Book Read Free

Arena 5

Page 22

by Logan Jacobs


  “Gah, I have to do everything,” she grumbled. I caught a glimpse of her through the access hatch as she crawled past the opening and toward the juncture where the truck was connected to the cab. Then there was a loud boom, and the Flame-Rat on my left had his head explode. Blood spurted in a dark blue geyser from his neck stump, and the body crumpled back into the car, flamethrowers still spewing fire. The inside of the car lit up with flames, and it swerved off. I could hear the driver screaming over all the chaos. Served him right.

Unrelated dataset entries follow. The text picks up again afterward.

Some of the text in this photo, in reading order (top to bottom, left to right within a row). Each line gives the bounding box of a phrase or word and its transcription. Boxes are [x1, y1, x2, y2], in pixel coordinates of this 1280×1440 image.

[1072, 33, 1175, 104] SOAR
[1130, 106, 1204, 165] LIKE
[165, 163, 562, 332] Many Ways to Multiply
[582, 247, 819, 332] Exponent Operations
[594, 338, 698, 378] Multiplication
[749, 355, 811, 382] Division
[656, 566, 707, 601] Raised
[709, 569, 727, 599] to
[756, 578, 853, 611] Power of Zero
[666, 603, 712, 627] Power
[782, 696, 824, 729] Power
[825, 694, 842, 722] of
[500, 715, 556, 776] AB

  There was another boom, and the flames on the right flew wide and straight up into the sky. The interceptor car overcorrected and smashed into the side of the Behemoth, so I turned into it and pressed down on the gas pedal. The car’s front tires blew out and the back tires of the truck rode up on top of the little VW Bug on crack, crushing the entire top of it. The Behemoth bounced and swerved as it crushed the car beneath the rear axle. I struggled but got it back under control just as Tempest crawled out of the access hatch and clambered back into the passenger seat.

  “Thanks,” I said through gritted teeth.

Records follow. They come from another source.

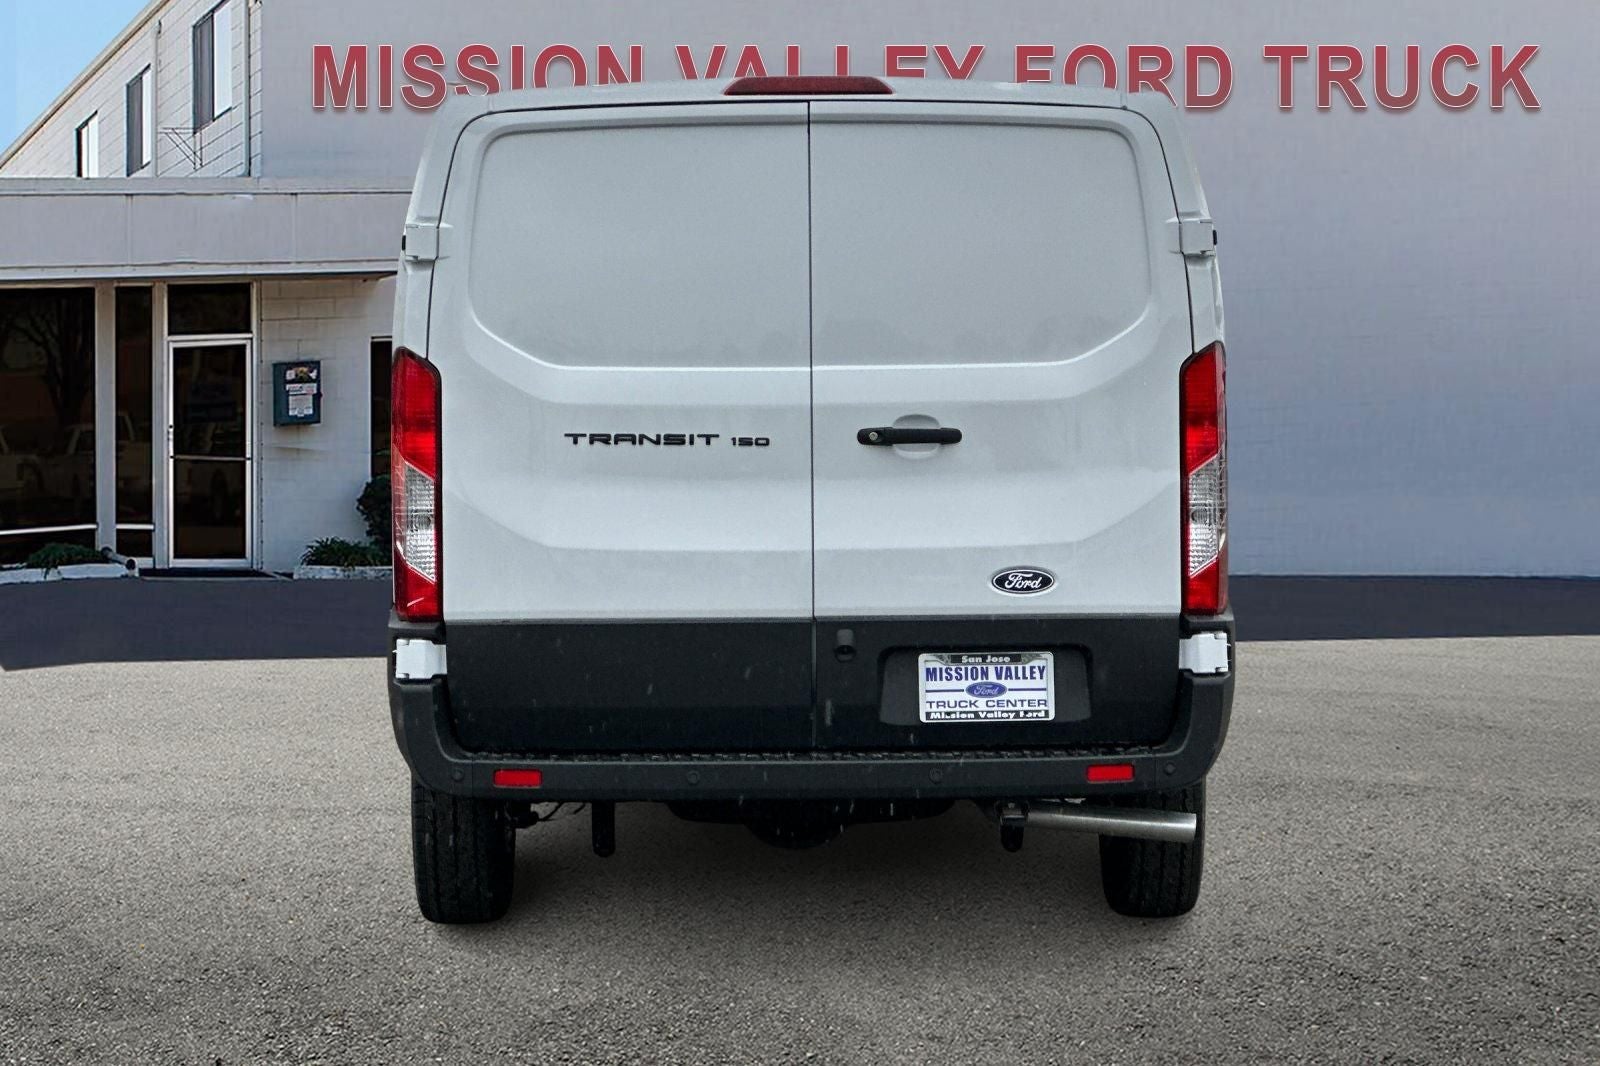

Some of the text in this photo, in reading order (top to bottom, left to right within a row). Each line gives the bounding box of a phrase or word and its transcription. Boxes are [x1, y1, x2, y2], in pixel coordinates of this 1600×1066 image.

[312, 44, 643, 108] MISSION
[1015, 44, 1233, 107] FORD
[1263, 44, 1541, 108] TRUCK
[564, 433, 770, 446] TRANSIT 150
[1004, 572, 1043, 589] Ford
[961, 655, 1011, 663] San Jose
[925, 665, 1046, 682] MISSION VALLEY
[973, 684, 999, 695] Ford
[925, 699, 1048, 709] TRUCK CENTER

  “You're welcome,” she smiled arrogantly. “Anything else you need me to do, oh great--”

  I didn’t hear the rest of the sentence because a crossbow bolt shot through my shoulder, and I was yanked out of the driver’s seat of the truck and out into the air. The pain took backstage to the shock that I was now sailing through the air for some reason. I saw the bright purple sky overhead and heard the harsh whine of engines all around me, and then I slammed into the platform on the back of the flame decorated Hot-Rod right next to Cyber-Babe.

  A thin metal cable lay spooled all around me and Cyber-Babe held the other end in her metallic hands.

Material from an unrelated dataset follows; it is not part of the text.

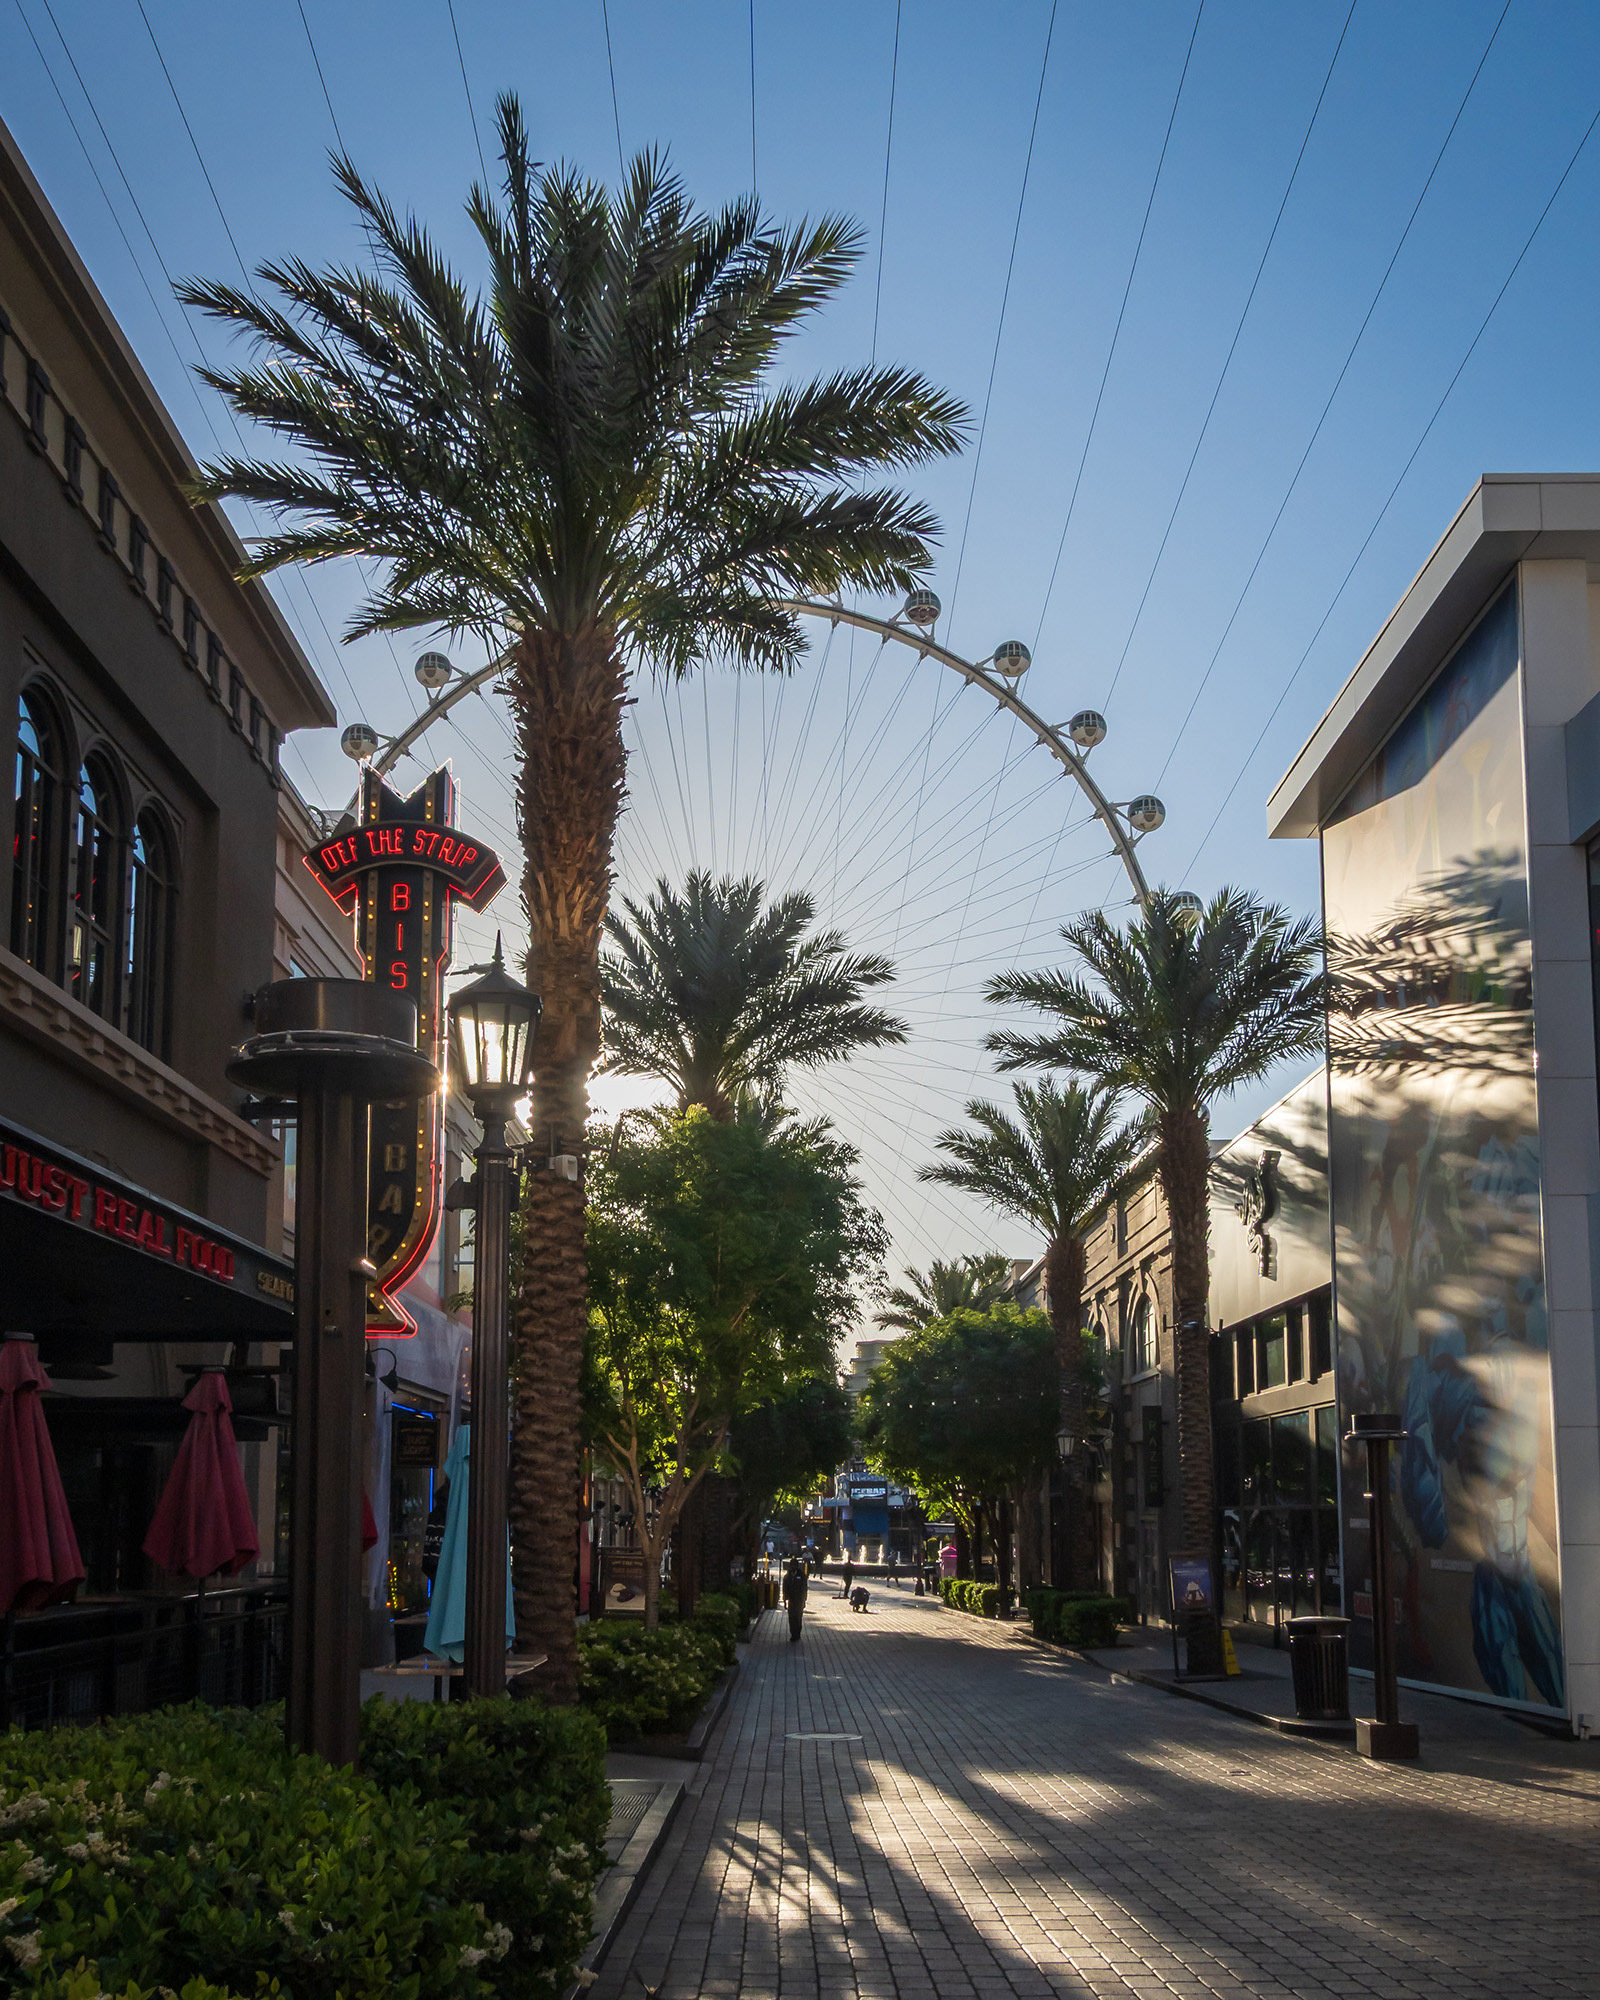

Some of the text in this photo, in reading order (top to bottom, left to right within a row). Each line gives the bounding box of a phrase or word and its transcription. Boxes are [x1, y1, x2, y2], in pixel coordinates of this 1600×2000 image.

  I heard Master in the cab cackle maniacally, but the agony in my shoulder was keeping me from giving my usual witty comeback.

  “Slang him, Jaxer,” the freaky little dude cried and clapped his hands. “Slang him!”

  Cyber-babe, aka Jaxer, grinned wickedly, grabbed me by the front of my jacket, and hauled me to my feet. I hadn’t noticed earlier but she was easily seven feet tall so I stared right into her surprisingly big and pert cybernetic boobs. She cocked her arm back for a head smashing punch while she held me still with her vice like left hand.

  I didn’t see any other choice, so I leaned in and bit her tit.

  Hard.

  My mouth was flooded with the sour, electric taste of aluminum, like chewing a gum wrapper attached to a nine volt battery. The metal crunched, sounding just like a soda can being crumpled, and Jaxer cried out in pain. Her hand loosened on my jacket and I brought my good arm around to drive the elbow into her forearm. I drew my Equalizer and swung it up to shoot the cyber-bitch in the face but a Road Rat intercepter crashed into the side of the Hot-Rod, and my shot went wild. Right into Blaster’s head. His purple brains splattered on the inside of the windshield, and his foot must have slammed on the gas because we shot forward so fast I almost flew off the platform.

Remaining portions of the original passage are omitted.